Let me say right off: This book does NOT teach people how to be black. Thurston basically chose this title for its shock value to get people interested in it. What this book really does is humorously yet intelligently discuss what it can often be like to be black.  This includes dealing with non-black peoples' often low, demeaning, or constraining expectations of us. Thurston's primary goals are to drop knowledge and make readers laugh. To an extent, he sheds some light on "our" story by telling us his story.

This is also not a "we hate white people" piece. (Everything isn't always about y'all, believe it or not. Sorry, sarcasm again. Moving on...) In addition to poking fun at how little most white people understand us, he offers an over-arching lesson or theme: "Being Black" means whatever we as black people want it to be. We can make anything "something that's black" or "something that black people do", because no matter what we're doing we'll always be black while doing it. We must not confine ourselves to the narrow definitions of blackness that we use against each other, and worse, those same narrow definitions that non-black people continue to set for us. We still have a lot of progress to make in this country, and we can't do it alone. The key is knowing and loving ourselves proudly, making ourselves seen and heard, and being willing to help non-black people understand us so that we can all collaborate better.

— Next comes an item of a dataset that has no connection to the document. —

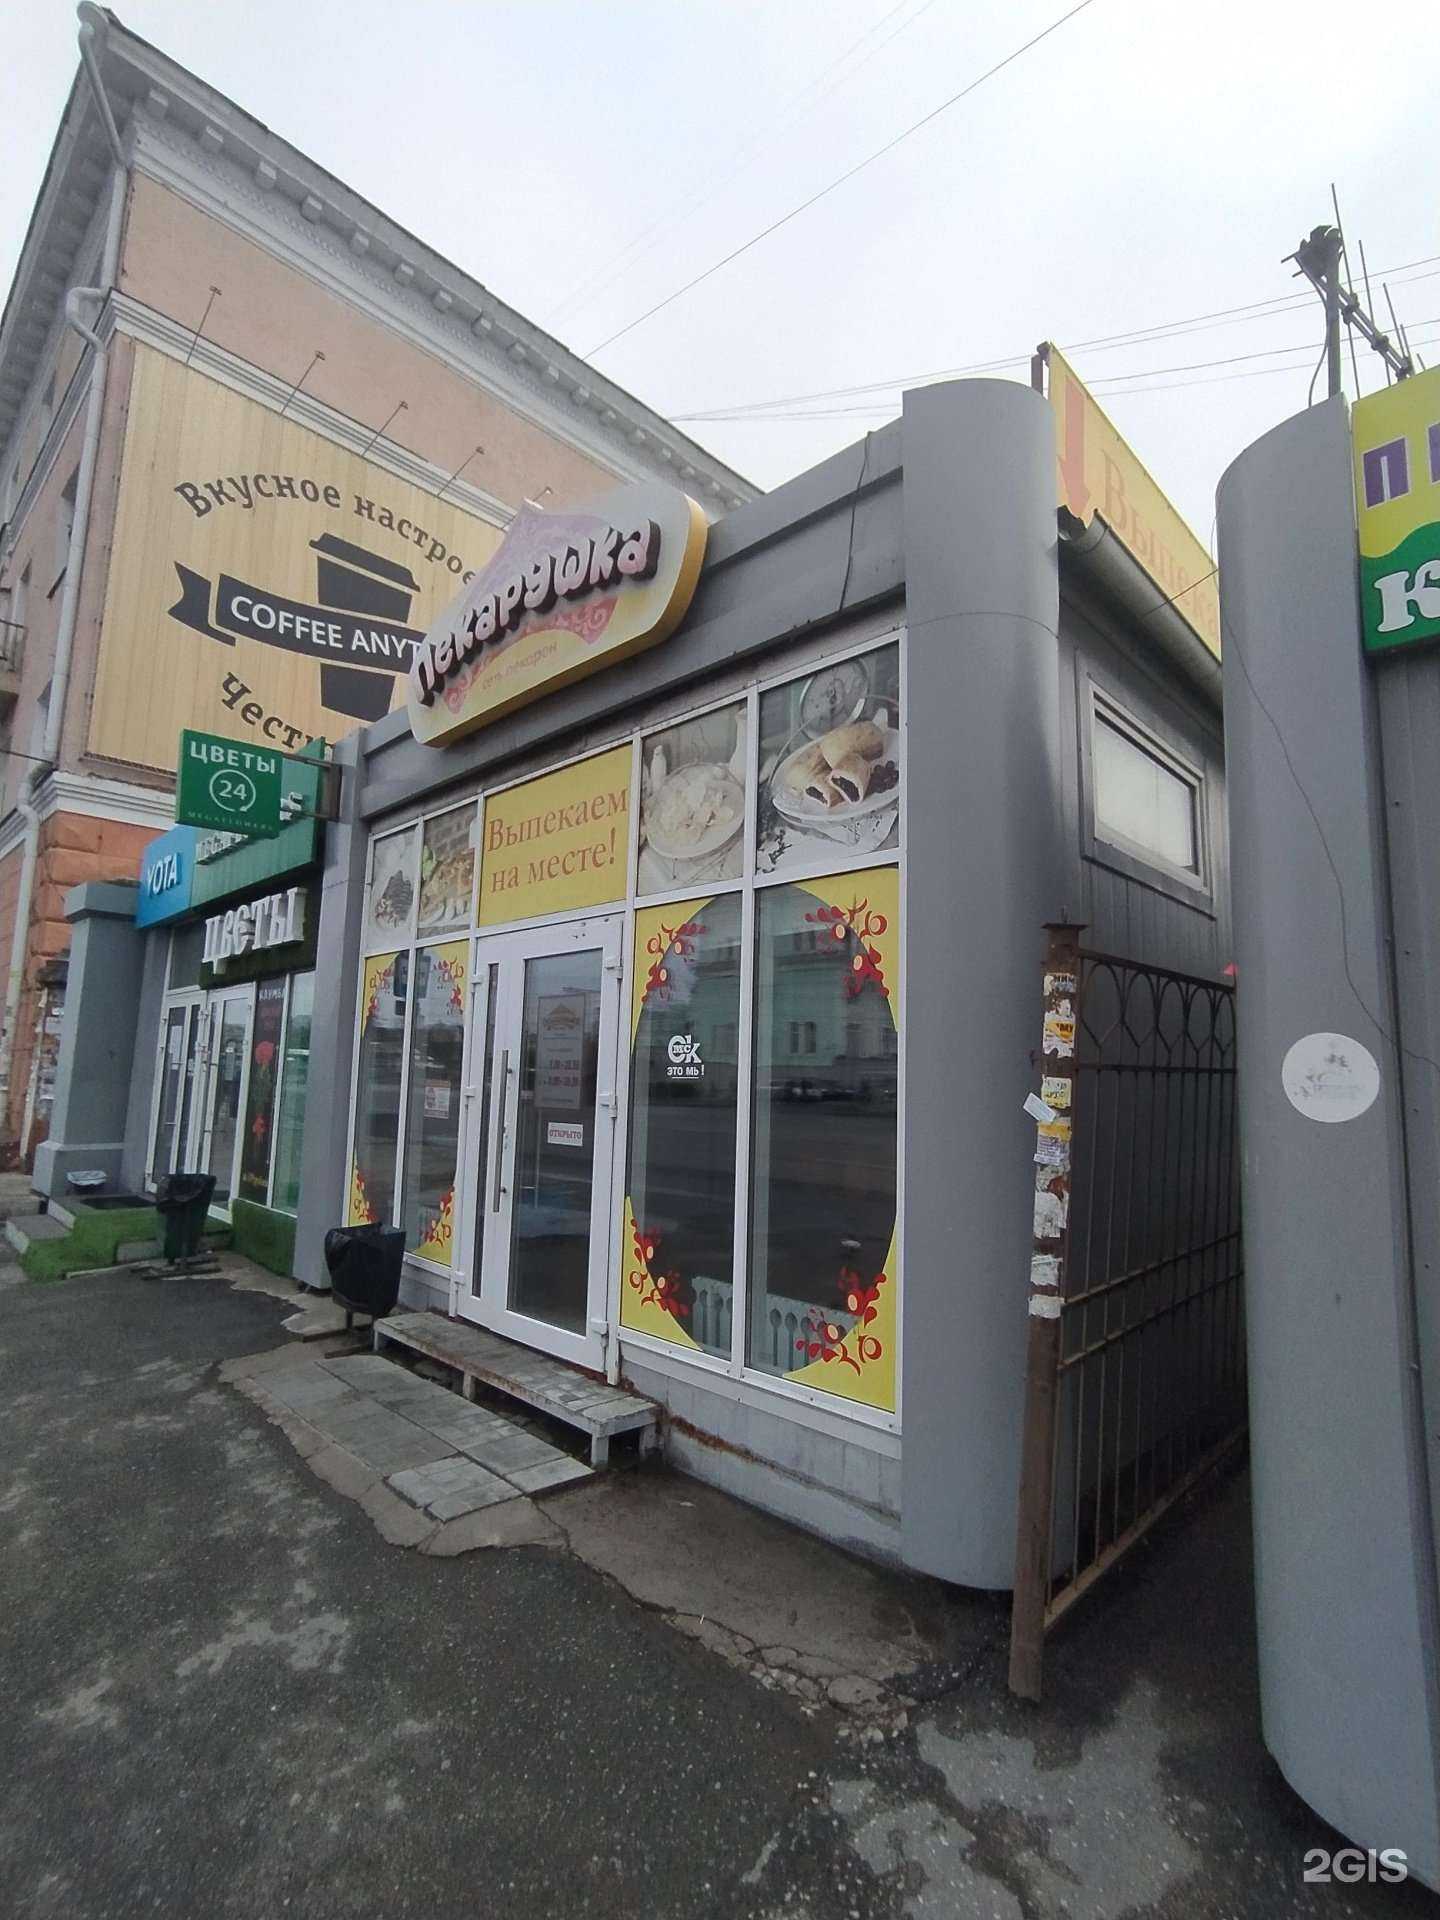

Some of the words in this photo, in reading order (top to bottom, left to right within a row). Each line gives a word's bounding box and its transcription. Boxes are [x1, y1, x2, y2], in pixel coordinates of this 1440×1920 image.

If you're curious about "the black experience" or just want something funny yet intellectually stimulating to read, I highly recommend this book. It might also bring you some fun times as you catch strange looks from people who see you reading it in public, if you choose to do so. My favorite chapters are "How to Be the Black Friend", "How to Be the Angry Negro", "How to Be The (Next) Black President", and "How's That Post-Racial Thing Working Out for Ya?".
Favorite quotes:
"Since then [the 1960s] there's always the concern that our nation's black population will rise up Nat Turner-style and exact revenge through violent revolution. Much of this rage has been effectively muted and channeled into commercial hip-hop, unrealistic dreams of professional sports careers, and daily doses of poison masquerading as nutrition in the form of poorly stocked grocery stores and fast-food businesses in black neighborhoods. There's just not a lot of rioting energy left, with so many distractions" (p. 188).

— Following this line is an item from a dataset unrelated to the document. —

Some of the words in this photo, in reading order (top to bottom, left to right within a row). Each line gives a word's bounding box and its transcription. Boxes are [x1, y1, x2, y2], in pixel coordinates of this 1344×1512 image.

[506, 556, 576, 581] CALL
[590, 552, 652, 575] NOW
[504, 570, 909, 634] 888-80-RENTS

"It shows our values as a culture when somebody says, 'I don't want to be called a racist.' Really what they're saying is, 'I want you to like me. I don't want to not be liked. I want to still be okay with you.' They don't mean, 'What I really want is to know and understand experiences of people of color so I don't sound ignorant.' That would be great. And so, it shows that, as I have said, we are operating at this third-grade level of race relations. And it's that third-grader that goes, 'Please like me, do please like me,' versus 'Can I understand?'" (p. 243).